When it comes to pricing, TD Ameritrade is yet another online broker that offers commission-free trading on US-listed stocks, ETFs, and options. The platform also offers cryptocurrency trading, alongside forex, mutual funds, and margin facilities. What we also like about TD Ameritrade is that the brokerage firm offers in-person assistance and financial guidance across 175 branches.
Minimum Deposit | $0 |
Fractional Shares? | No – not supported |
Pricing System | 0% commission on US-listed stocks |
Cost of Buying Amazon Stock | Spread only |
Pros
- Highly advanced thinkorswim trading suite
- Top-rated broker for seasoned investors
Cons
- No fractional shares
- Commission-free access to US-listed stocks online
- Too advanced for beginners
10. Robinhood – Best Online Stock Broker for Beginners
If you’re wondering where to buy shares as a complete novice – Robinhood is perhaps the best stock broker for beginners.

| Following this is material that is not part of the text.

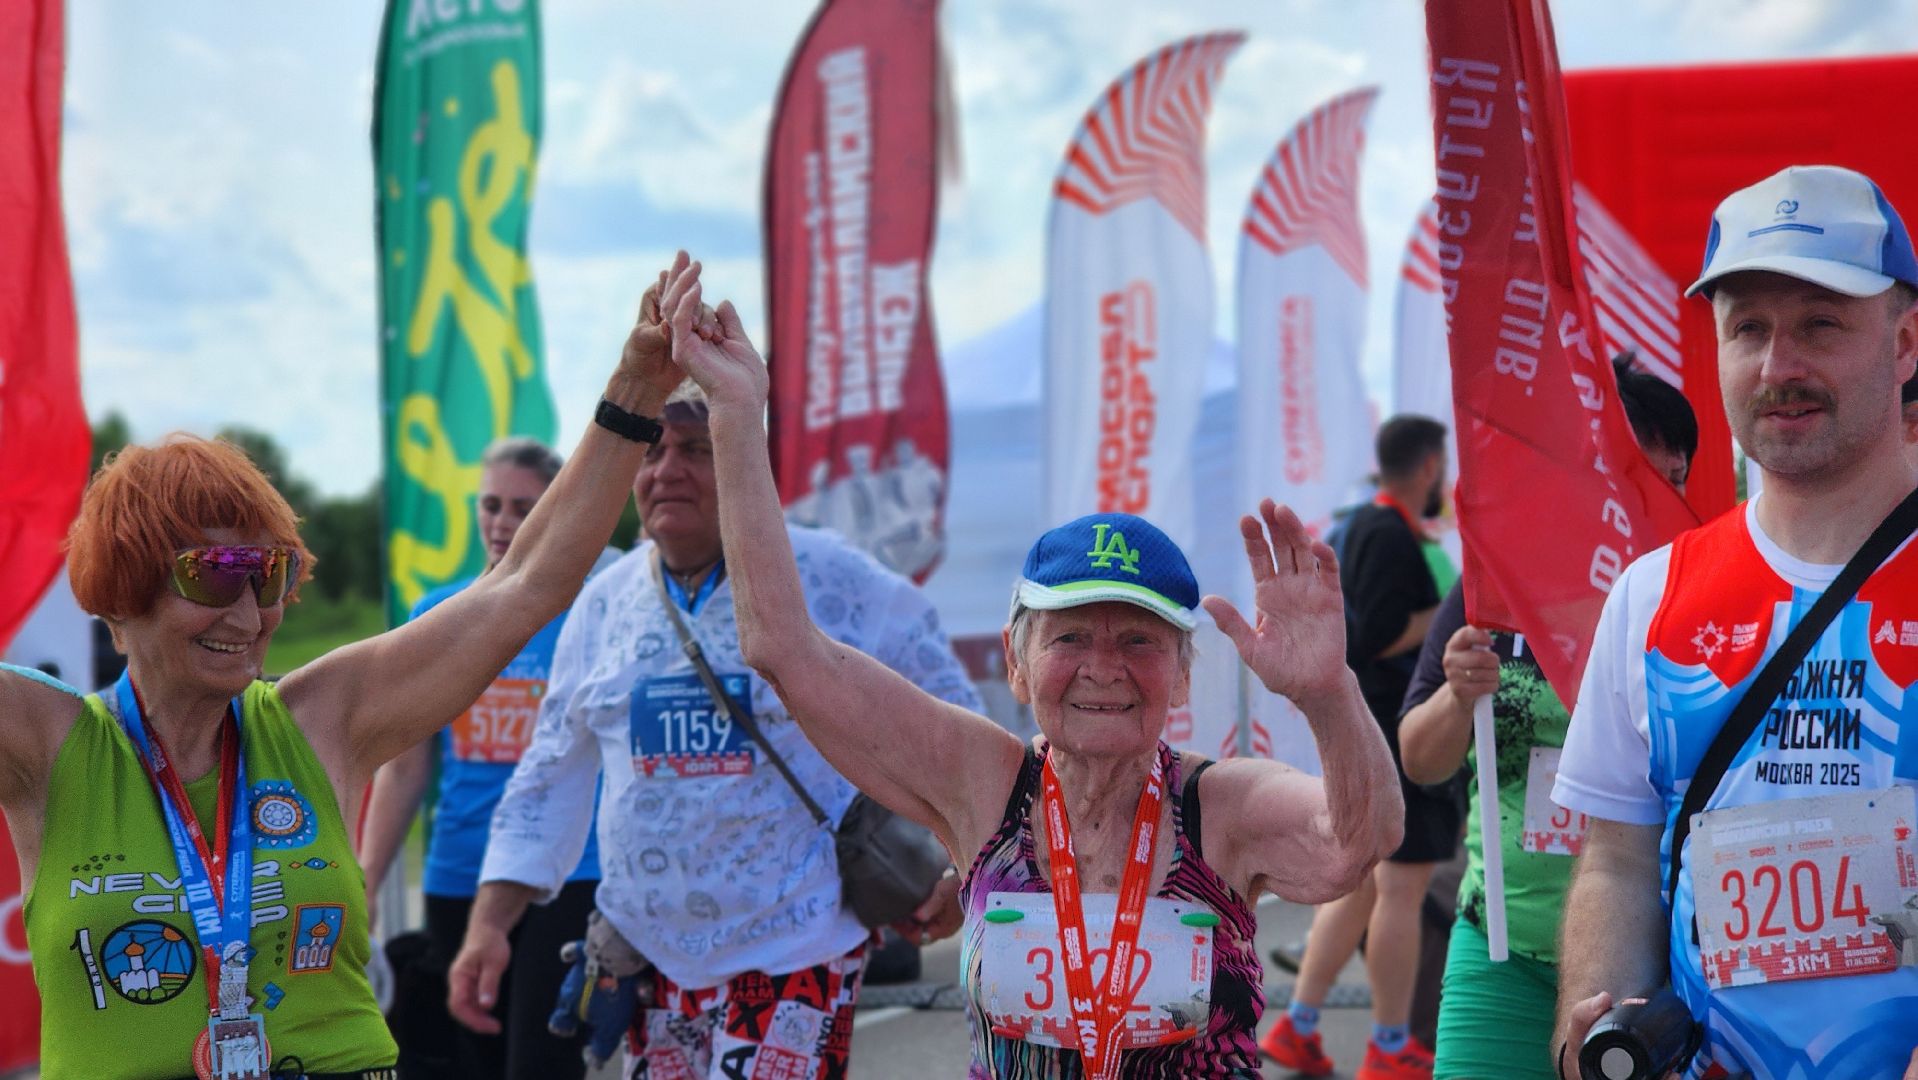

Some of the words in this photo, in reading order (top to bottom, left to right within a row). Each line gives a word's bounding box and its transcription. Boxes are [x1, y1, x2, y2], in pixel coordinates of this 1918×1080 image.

Through its online platform and mobile app. Robinhood enables you to open an account in minutes and subsequently buy stocks from just $1 per trade.
Moreover, you won’t need to meet a minimum deposit requirement and all US-listed stocks can be traded commission-free. In fact, you won’t pay commissions on any supported asset classes at Robinhood – which includes ETFs, cryptocurrencies, and stock options. In terms of making a deposit, only ACH, domestic bank wires, and checks are supported.
Furthermore, if you are on the standard account, only the first $1,000 will be processed instantly. If you want higher instant deposits, you will need to open a Robinhood gold account. This costs just $5 per month and will also get you access to margin trading tools. Finally, Robinhood does not offer access to international exchanges, but you can buy ADRs.
Minimum Deposit | $0 |
Fractional Shares? | Yes – $1 minimum |
Pricing System | 0% commission on US-listed stocks |
Cost of Buying Amazon Stock | Spread only |
Pros
- Great option for first-time investors
- No commissions charged on US-listed stocks, options, ETFs, or cryptocurrencies
Cons
- Only offers international shares via ADRs
- Standard accounts limit instant deposits to $1,000
- No passive investment tools
Best Online Stock Brokers Compared
If you’re still not sure where to buy stocks in the US for your skillset and financial goals – check out our comparison table below of the 10 brokers that we reviewed.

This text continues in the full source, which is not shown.